* _Work task_: Copy the records below exactly, but leave out any picture they contain.

* _Source data_:
════════════════════

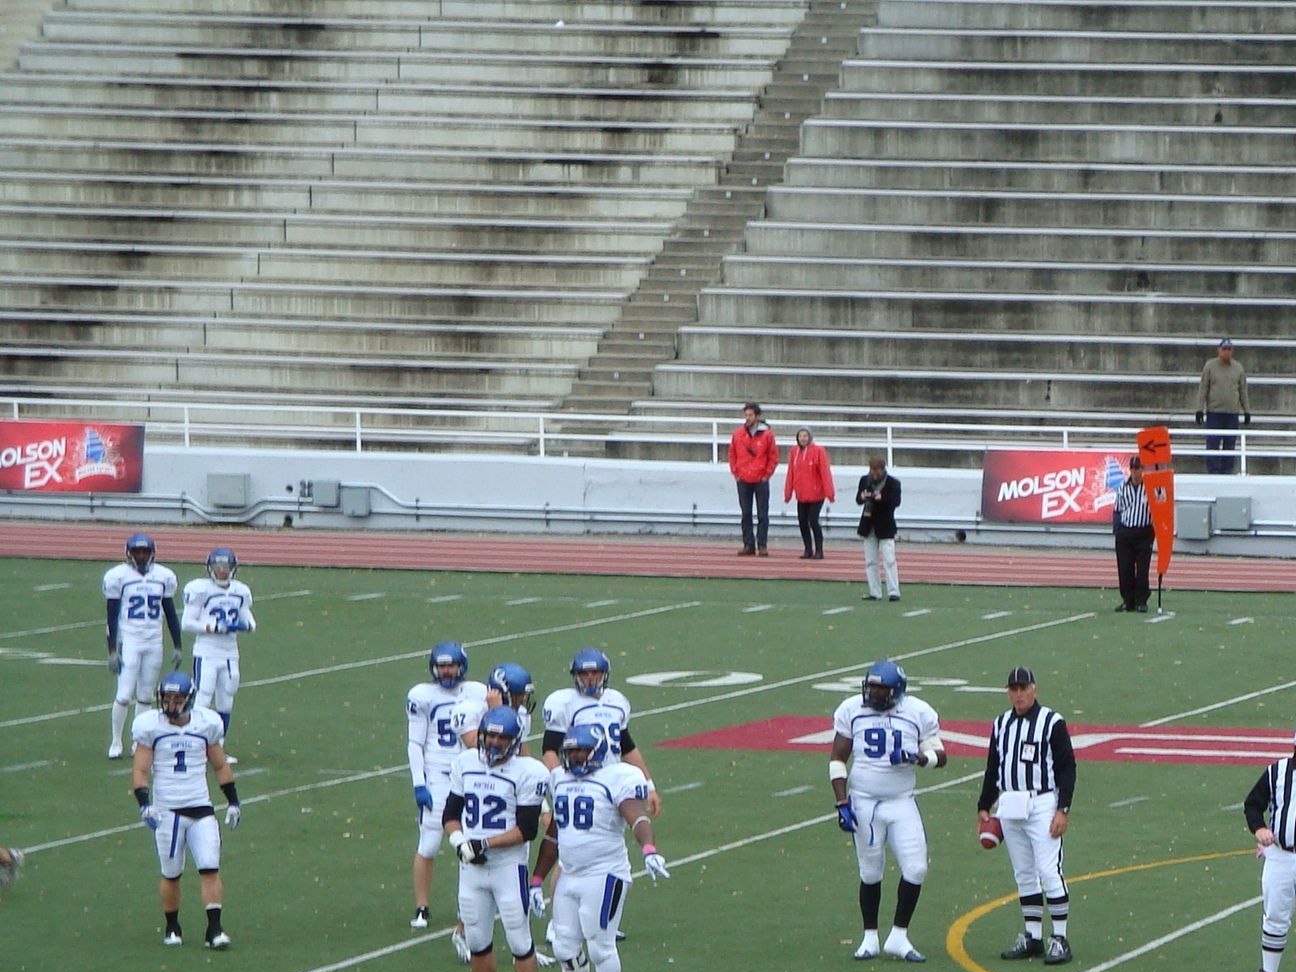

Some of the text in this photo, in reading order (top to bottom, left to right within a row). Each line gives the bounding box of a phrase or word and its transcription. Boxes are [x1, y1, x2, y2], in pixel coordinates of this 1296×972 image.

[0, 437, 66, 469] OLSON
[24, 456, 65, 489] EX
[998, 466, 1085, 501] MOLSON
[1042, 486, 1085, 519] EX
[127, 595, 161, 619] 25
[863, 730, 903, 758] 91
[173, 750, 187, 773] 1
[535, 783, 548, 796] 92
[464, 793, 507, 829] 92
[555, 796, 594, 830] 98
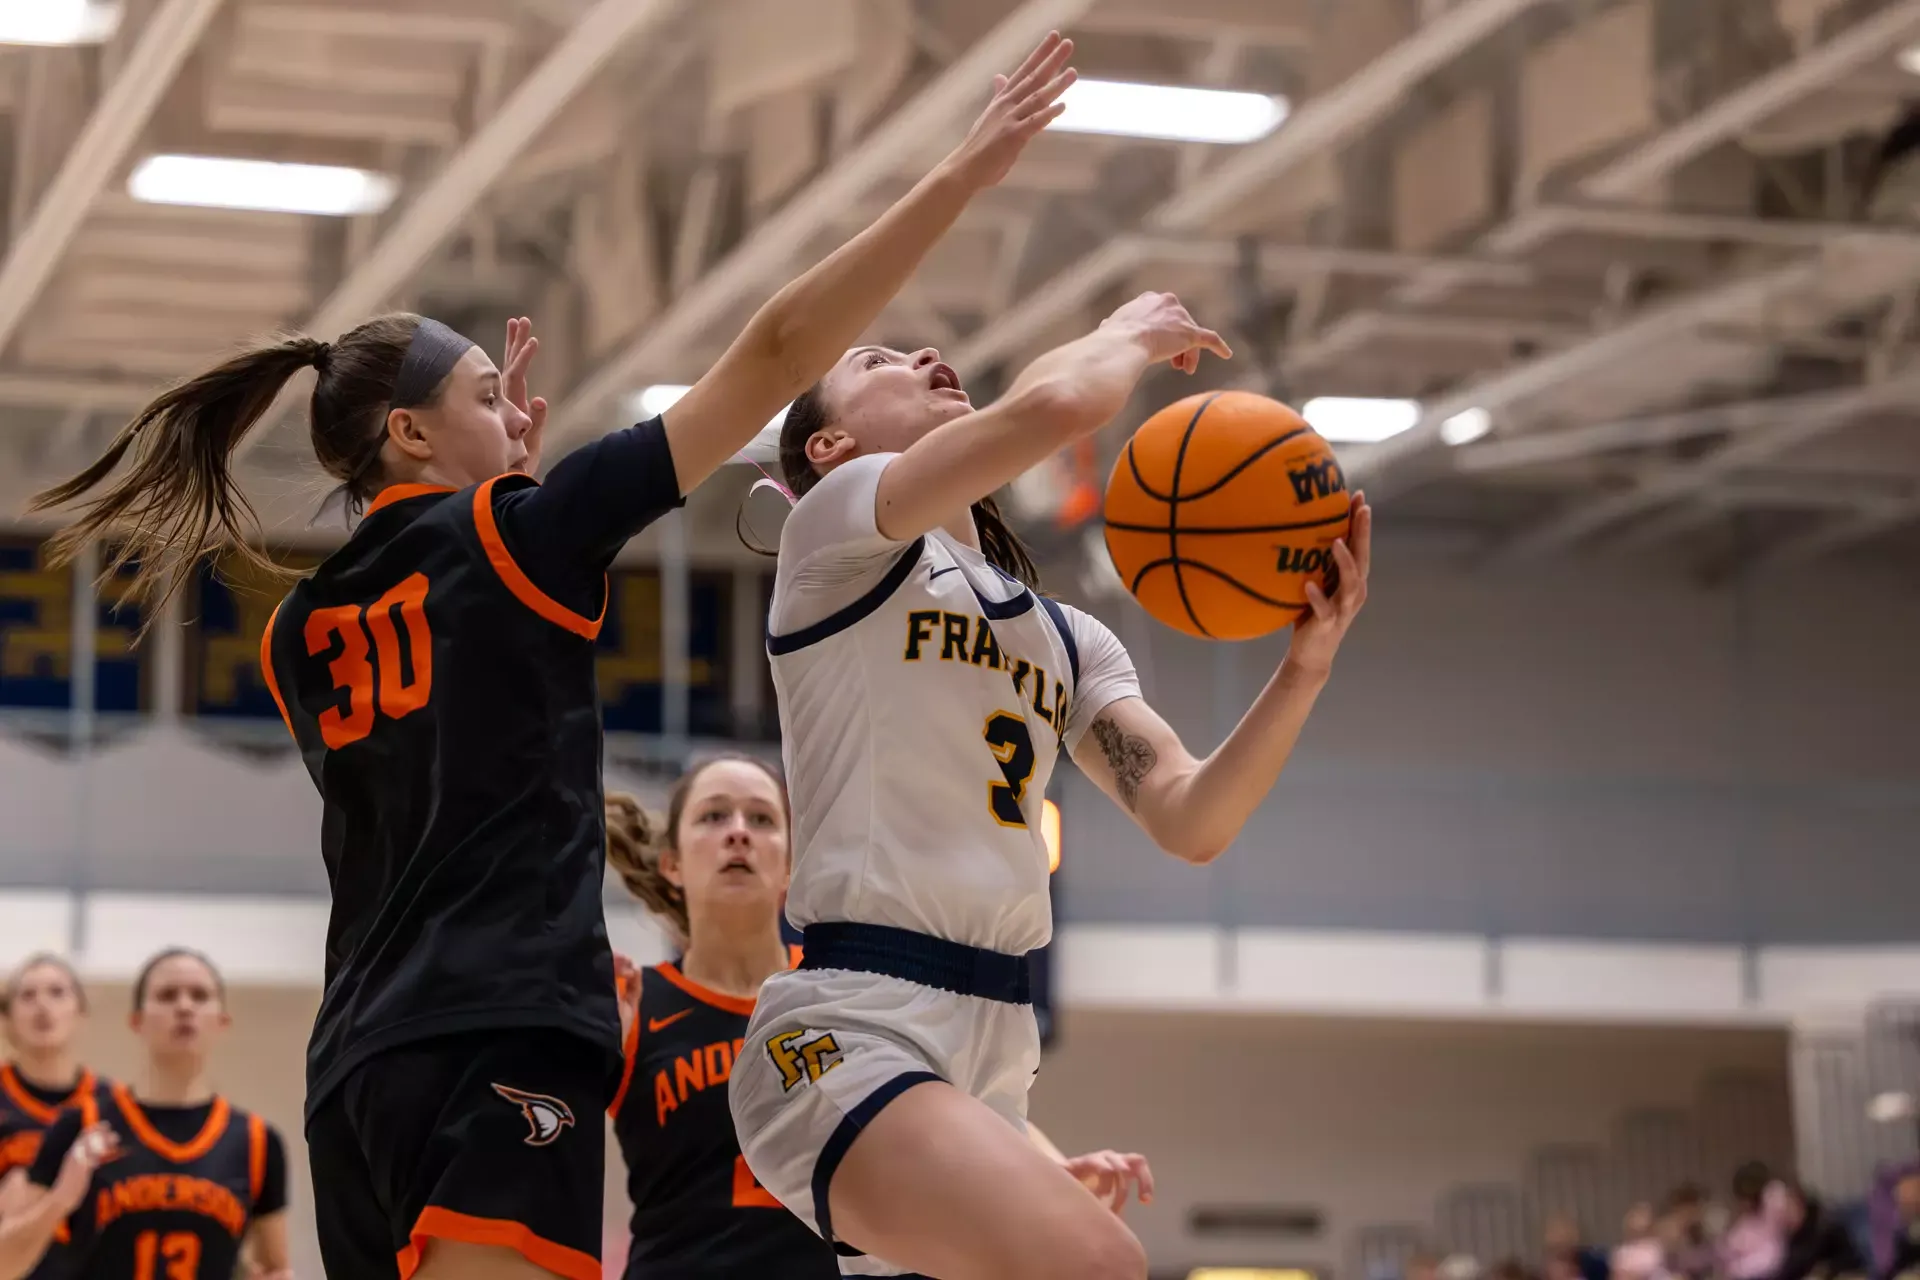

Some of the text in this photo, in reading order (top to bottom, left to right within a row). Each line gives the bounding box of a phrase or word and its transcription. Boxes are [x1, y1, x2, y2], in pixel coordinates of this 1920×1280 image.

════════════════════

* _Task result_:
Some of the text in this photo, in reading order (top to bottom, left to right within a row). Each line gives the bounding box of a phrase or word and its transcription. Boxes are [x1, y1, x2, y2], in pixel coordinates of this 1296×972 image.

[0, 437, 66, 469] OLSON
[24, 456, 65, 489] EX
[998, 466, 1085, 501] MOLSON
[1042, 486, 1085, 519] EX
[127, 595, 161, 619] 25
[863, 730, 903, 758] 91
[173, 750, 187, 773] 1
[535, 783, 548, 796] 92
[464, 793, 507, 829] 92
[555, 796, 594, 830] 98

Some of the text in this photo, in reading order (top to bottom, left to right within a row). Each line gives the bounding box of a phrase or word and its transcription. Boxes are [x1, y1, x2, y2], in pixel coordinates of this 1920×1280 image.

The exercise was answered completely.